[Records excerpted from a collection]
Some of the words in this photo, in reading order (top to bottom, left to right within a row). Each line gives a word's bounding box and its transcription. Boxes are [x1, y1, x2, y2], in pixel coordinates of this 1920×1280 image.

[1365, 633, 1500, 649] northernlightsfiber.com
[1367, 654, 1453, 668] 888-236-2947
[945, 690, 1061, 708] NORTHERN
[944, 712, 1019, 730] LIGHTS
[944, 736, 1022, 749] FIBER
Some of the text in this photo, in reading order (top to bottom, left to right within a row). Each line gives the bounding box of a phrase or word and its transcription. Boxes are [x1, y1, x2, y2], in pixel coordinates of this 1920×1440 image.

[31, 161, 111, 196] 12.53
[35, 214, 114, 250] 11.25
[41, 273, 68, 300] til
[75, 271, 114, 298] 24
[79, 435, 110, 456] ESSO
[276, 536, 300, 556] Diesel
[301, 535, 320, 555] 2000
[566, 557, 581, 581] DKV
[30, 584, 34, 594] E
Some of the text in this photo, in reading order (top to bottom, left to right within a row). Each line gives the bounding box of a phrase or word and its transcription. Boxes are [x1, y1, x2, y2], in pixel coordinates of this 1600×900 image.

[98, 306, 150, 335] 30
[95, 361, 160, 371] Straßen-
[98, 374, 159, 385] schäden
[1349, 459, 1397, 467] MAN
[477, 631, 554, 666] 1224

--- What you will do ---
Copy out every line of the data above, exactly as given.

--- Answer to this exercise ---
Some of the words in this photo, in reading order (top to bottom, left to right within a row). Each line gives a word's bounding box and its transcription. Boxes are [x1, y1, x2, y2], in pixel coordinates of this 1920×1280 image.

[1365, 633, 1500, 649] northernlightsfiber.com
[1367, 654, 1453, 668] 888-236-2947
[945, 690, 1061, 708] NORTHERN
[944, 712, 1019, 730] LIGHTS
[944, 736, 1022, 749] FIBER
Some of the text in this photo, in reading order (top to bottom, left to right within a row). Each line gives the bounding box of a phrase or word and its transcription. Boxes are [x1, y1, x2, y2], in pixel coordinates of this 1920×1440 image.

[31, 161, 111, 196] 12.53
[35, 214, 114, 250] 11.25
[41, 273, 68, 300] til
[75, 271, 114, 298] 24
[79, 435, 110, 456] ESSO
[276, 536, 300, 556] Diesel
[301, 535, 320, 555] 2000
[566, 557, 581, 581] DKV
[30, 584, 34, 594] E
Some of the text in this photo, in reading order (top to bottom, left to right within a row). Each line gives the bounding box of a phrase or word and its transcription. Boxes are [x1, y1, x2, y2], in pixel coordinates of this 1600×900 image.

[98, 306, 150, 335] 30
[95, 361, 160, 371] Straßen-
[98, 374, 159, 385] schäden
[1349, 459, 1397, 467] MAN
[477, 631, 554, 666] 1224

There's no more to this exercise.